--- RECORD EXCERPTS Enclosed Below ---

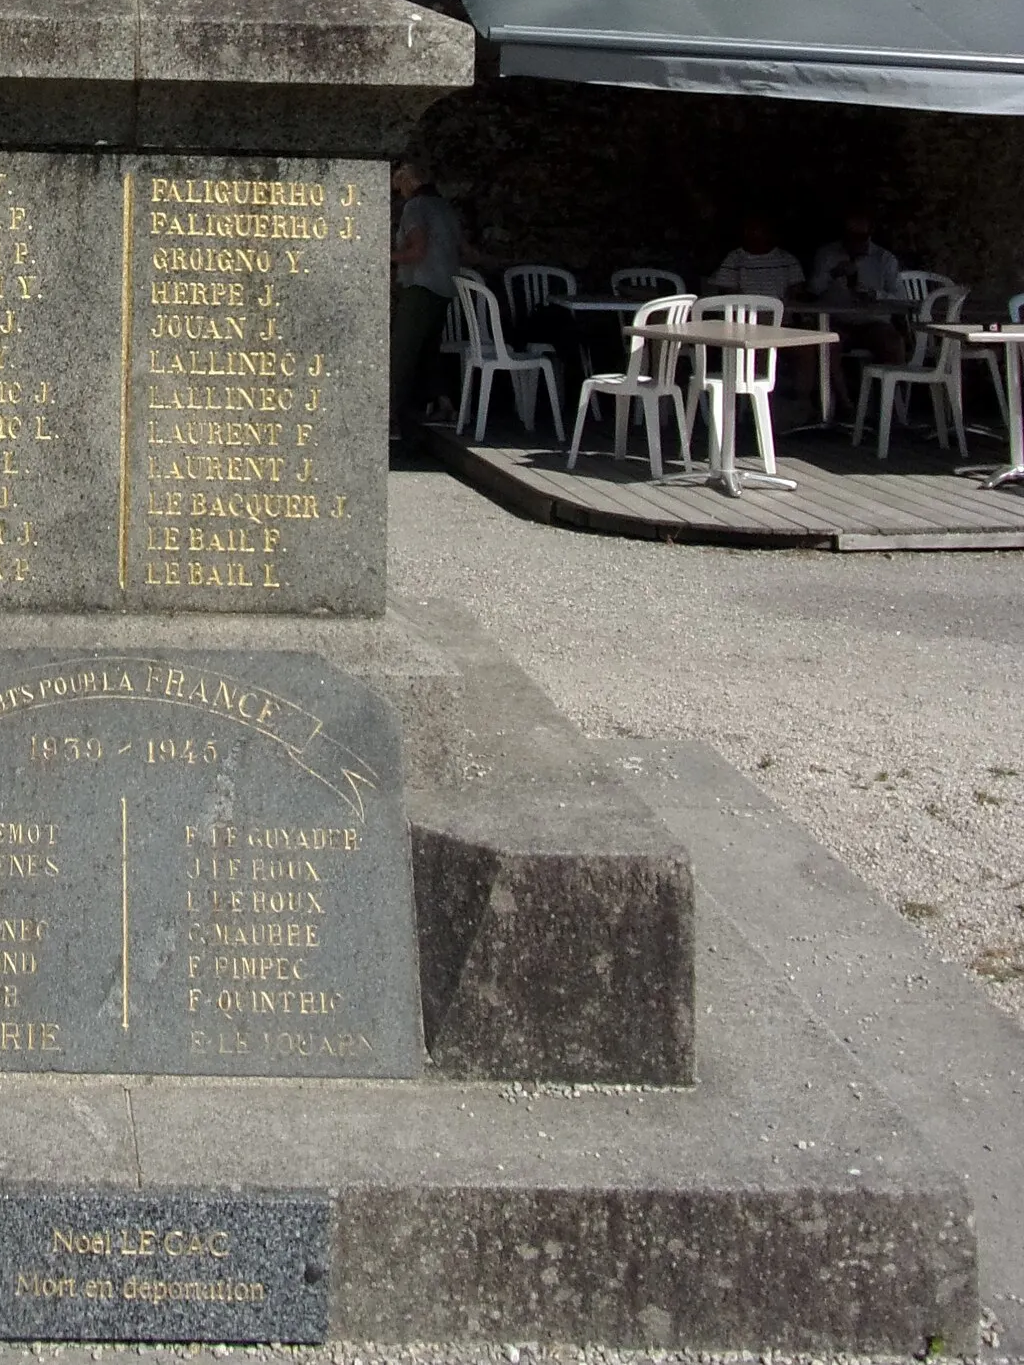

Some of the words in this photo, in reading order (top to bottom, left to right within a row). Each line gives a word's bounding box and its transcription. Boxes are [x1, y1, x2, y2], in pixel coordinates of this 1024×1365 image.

[151, 179, 324, 206] FALIGUERHO
[151, 212, 328, 239] FALIGUERHO
[151, 282, 244, 306] HERPE
[151, 315, 246, 339] JOUAN
[149, 351, 296, 376] LALLINEC
[149, 386, 293, 411] LALLINEC
[148, 421, 283, 446] LAURENT
[148, 456, 285, 481] LAURENT
[190, 493, 320, 524] BACQUER
[188, 528, 255, 552] BAIL
[188, 563, 253, 586] BAIL
[40, 671, 96, 699] POUR
[102, 670, 134, 692] LA
[146, 666, 281, 724] FRANCE
[30, 735, 102, 762] 1939
[146, 737, 217, 765] 1945
[252, 859, 322, 882] ROUX
[213, 891, 244, 912] LE
[252, 891, 326, 914] ROUX
[188, 955, 201, 979] F
[188, 989, 202, 1012] F
[121, 1230, 156, 1256] LE
[164, 1231, 230, 1258] GAC
[15, 1272, 76, 1298] Mort
[85, 1280, 113, 1299] en

--- End of Enclosed RECORD EXCERPTS ---

**ABOUT THIS TASK:** In your copy of the entries above, leave out the pictures and keep every word exact.

**ANSWER TO THIS EXERCISE:**
Some of the words in this photo, in reading order (top to bottom, left to right within a row). Each line gives a word's bounding box and its transcription. Boxes are [x1, y1, x2, y2], in pixel coordinates of this 1024×1365 image.

[151, 179, 324, 206] FALIGUERHO
[151, 212, 328, 239] FALIGUERHO
[151, 282, 244, 306] HERPE
[151, 315, 246, 339] JOUAN
[149, 351, 296, 376] LALLINEC
[149, 386, 293, 411] LALLINEC
[148, 421, 283, 446] LAURENT
[148, 456, 285, 481] LAURENT
[190, 493, 320, 524] BACQUER
[188, 528, 255, 552] BAIL
[188, 563, 253, 586] BAIL
[40, 671, 96, 699] POUR
[102, 670, 134, 692] LA
[146, 666, 281, 724] FRANCE
[30, 735, 102, 762] 1939
[146, 737, 217, 765] 1945
[252, 859, 322, 882] ROUX
[213, 891, 244, 912] LE
[252, 891, 326, 914] ROUX
[188, 955, 201, 979] F
[188, 989, 202, 1012] F
[121, 1230, 156, 1256] LE
[164, 1231, 230, 1258] GAC
[15, 1272, 76, 1298] Mort
[85, 1280, 113, 1299] en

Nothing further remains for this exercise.